There’s nothing wrong with the elderly on TV. Betty White has been completely delightful this year on a myriad of shows. However, Burt was stiff as a board and I’m not referring to his botoxed face, which didn’t change expressions very much. He just moved really, really slowly and — as a result — the entire episode felt stilted.
There was another aspect of the casting that bothered me. Instead of Paul being sharp as a tack, he was dotty. He couldn’t remember the combination to his safe, for example. Sorry, but for a guy who was once Michael Westen, it was really depressing to think that he would become this kind of relic.
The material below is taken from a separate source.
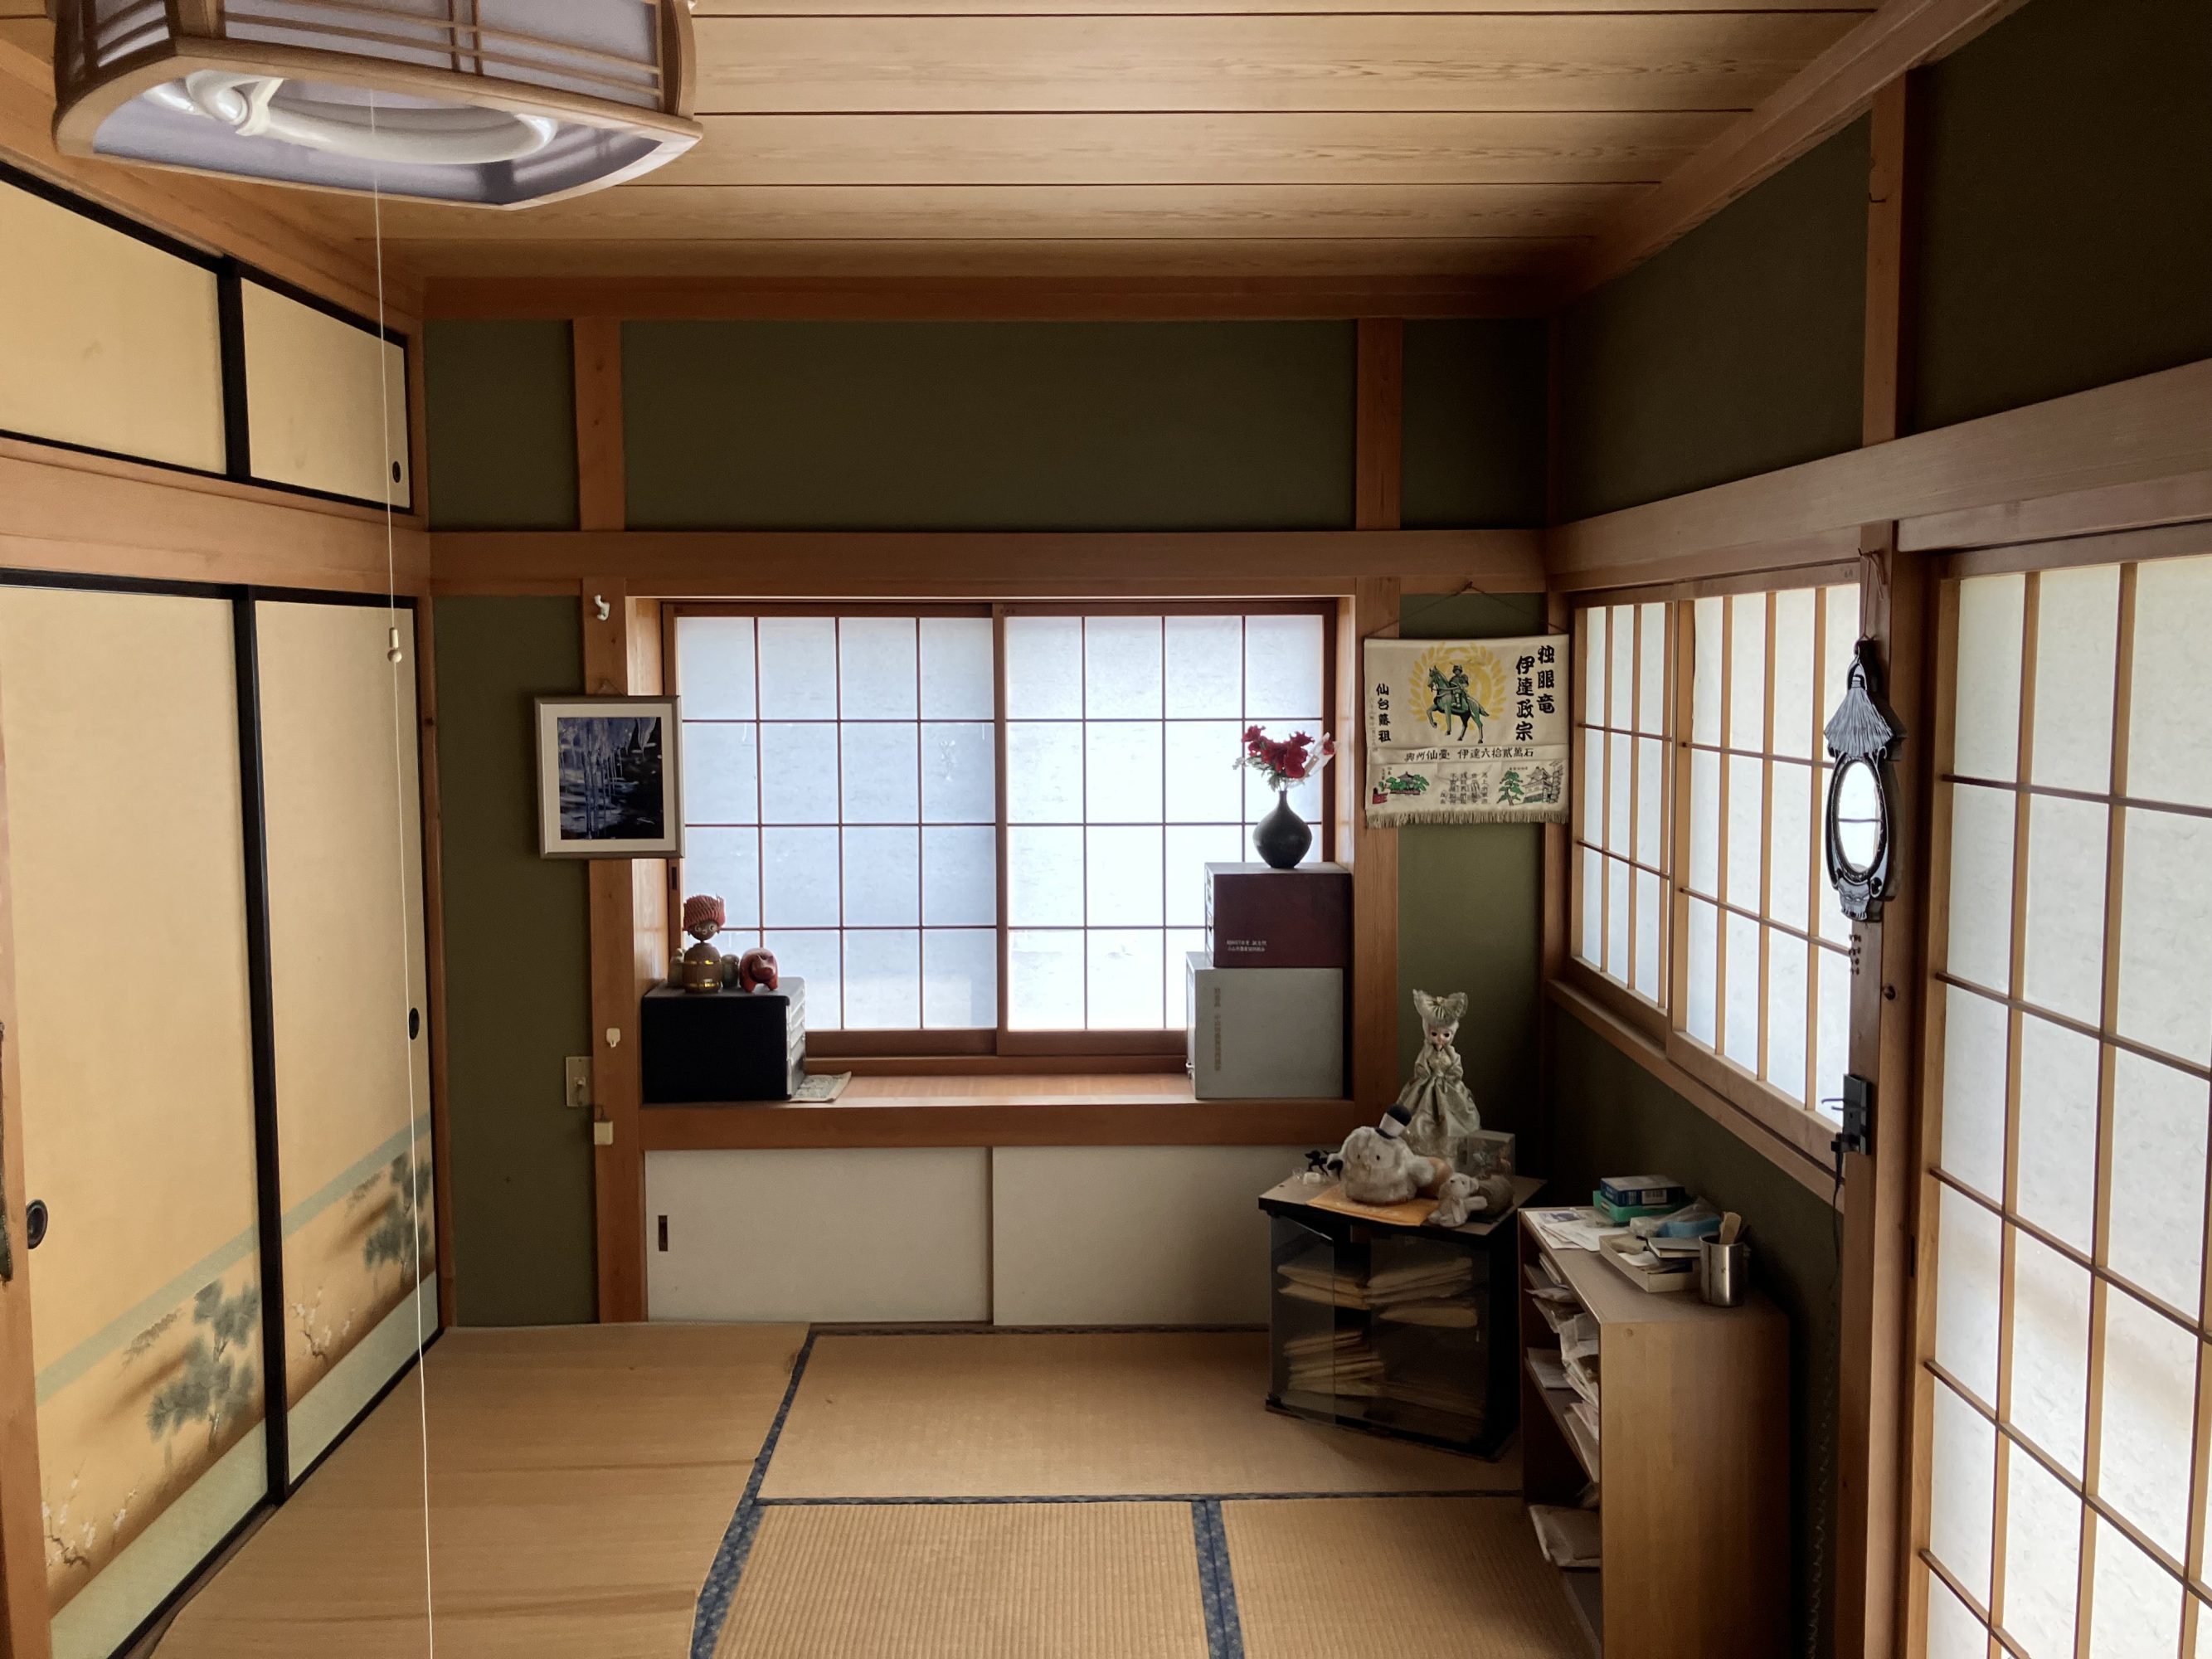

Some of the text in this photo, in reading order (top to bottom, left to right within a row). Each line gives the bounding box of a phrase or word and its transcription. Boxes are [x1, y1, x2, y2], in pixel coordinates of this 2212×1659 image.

Later in the episode, they attributed Paul’s problems to memory troubles.
Okay, that’s not unusual for the elderly, but I would have liked it better if Paul had known more than Michael and Sam at some point, like the character that Tim Matheson has played on ‘BN,’ Larry Sizemore.
The one time Paul showed real grit was when he shot the lead Russian point blank without remorse. From his point of view — as a Cold Warrior — killing a Russian in Miami was completely legit. James Bond would have pulled the trigger, too. And the upshot was that the corrupt Congressman was compelled to cover the death or risk scandal. In exchange, Michael got Paul the protection he needed to retire in peace.
In dealing with the Russian assassination team, it was weird to find out that Michael Westen is an infamous boogeyman? Really? Westen has been a secret agent up till now. Are we going to find out that every spy and spook around the world knows of his exploits?
Marv was played by Richard Kind, but he wasn’t interested in helping Jesse or Michael. Yes, he knew Westen, too. And later, so did the politician. Michael should be more under the radar.
After a personal appeal, Marv came through with some intel for Jesse. Fiona destroyed the evidence to protect Michael. However, she wasn’t happy about it. She smacked Michael when she told him, and let him know that she was concerned about how he had been changing.
Fiona’s an emotional character, so her reaction made sense. However, Michael’s been changing for a while this season and it’s been overdue for her to call him out. So much of what Michael has been doing seems like a chore. Watching Jeffrey Donovan grimace and groan at certain points in this episode was disturbing. Michael used to enjoy his cases more, feeling he was on a mission. Now he’s looking like he’s just on a job.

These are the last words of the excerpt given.